During the trial, Lopez told his attorney that he wasn’t fighting just for the money ? he was also fighting for justice – for himself, and for other workers. He wanted to spread the word that there are wage laws and they apply to everyone.

Part of the problem is that workers may not even know they are losing money they are rightfully owed, or be able to prove they have been shortchanged, because they don’t get a pay stub with their check. Ten states don’t require pay stubs issued with paychecks.

The U.S. Department of Labor is proposing regulations that will require pay stubs that are uniform, clear and detailed so that workers understand exactly what hours they are paid for and what is being deducted from their checks.

The federal labor act applies to companies involved in interstate commerce; do more than $500,000 business a year; contract with the federal government or institutions such as schools and hospitals.

However, the federal labor department doesn’t have enough investigators to review thousands of wage theft cases. And, despite the crisis, wage theft legislation is still in a period of experimentation and wait-and-see in many states and cities.

While Washington passed its legislation in 2006, most states are like Florida — stuck somewhere in-between and looking for a solution.

“All the employers I know take the employer-employee relationship very seriously, and no one would intentionally deprive employees of the appropriate wages they earn,” said John Fleming, a spokesman for the Florida Retail Federation. “In any situation, you can find bad apples who want to take advantage or game the system. It can happen on the employer side or the employee side.

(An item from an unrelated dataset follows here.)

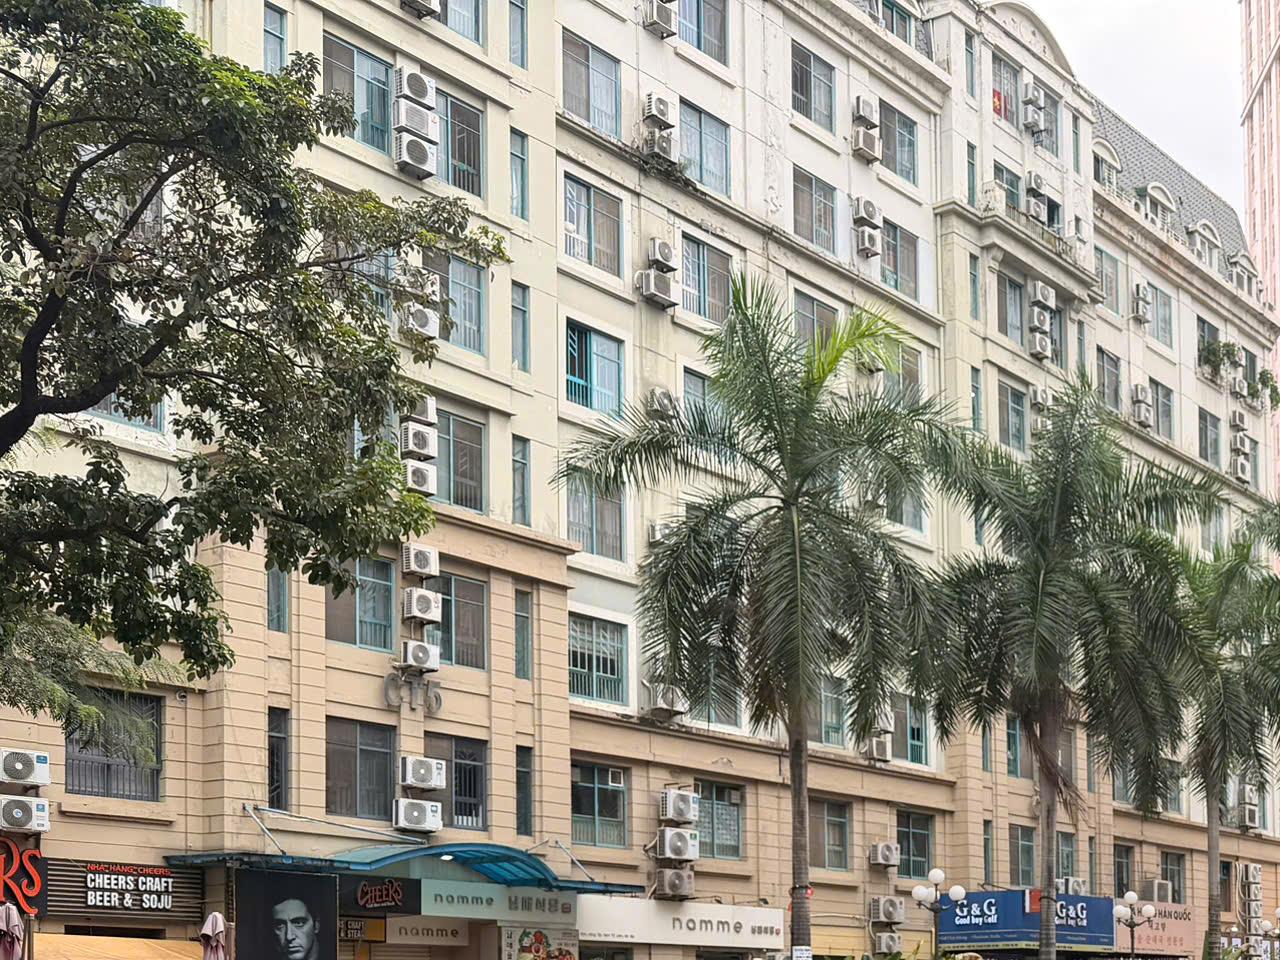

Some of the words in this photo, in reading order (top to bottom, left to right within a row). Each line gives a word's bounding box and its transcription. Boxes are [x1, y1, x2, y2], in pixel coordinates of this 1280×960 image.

“We don’t want to see a bunch of different local ordinances,” he said. “It’s not that we disagree on the issue of wage theft; we thought the ordinance set up a process outside of the court system and didn’t have the necessary protections. The judicial system can ensure that justice is served.”

Others say the judicial system isn’t working, which caused communities like Miami-Dade County to create their own ordinances in the first place.

“Workers in Florida are particularly vulnerable to this type of exploitation because, unlike many states, there is no state level department of labor to which they can turn for assistance,” said Jeanette Smith with Interfaith Worker Justice in Florida, a national organization with local chapters.

For now, the fastest way for many workers to recover back wages is at the most local level — often by standing on the sidewalk with fliers and protest signs in front of the offending employer’s business, said Kim Bobo, executive director of Interfaith Worker Justice in Chicago and author of “Wage Theft in America.”

“It is easy to disrupt business and cause a stir at these small places that depend on community support,” said Bobo. “Direct action is incredibly effective and empowering for workers. The employers respond.”

Bobo said one Chicago pizza place owner fired several employees recently and refused to give them their final paycheck. None of the employees had been paid overtime; some weren’t being paid minimum wage.

The fired employees organized a gathering in front of the business, handing out fliers to passersby warning: “Don’t buy pizza topped with exploitation.” By the end of the week, the former employees had received the pay they were owed.

In Arkansas, restaurant employees fed up with not being paid their full wages posted messages on their company’s Facebook page describing the unfair pay practice. They, too, were paid.

But longer-term solutions are needed, including stronger enforcement at the state and national levels, said Bobo.

“We need the ethical business community to step up and demand a level playing field,” she said. “If you are paying employees fairly, and the guy down the street, your competitor, is practicing wage theft, it is hurting you. It steals from the workers, and it steals from the public coffers.”

2012 © Equal Voice for America’s Families Newspaper. Reprinted with permission.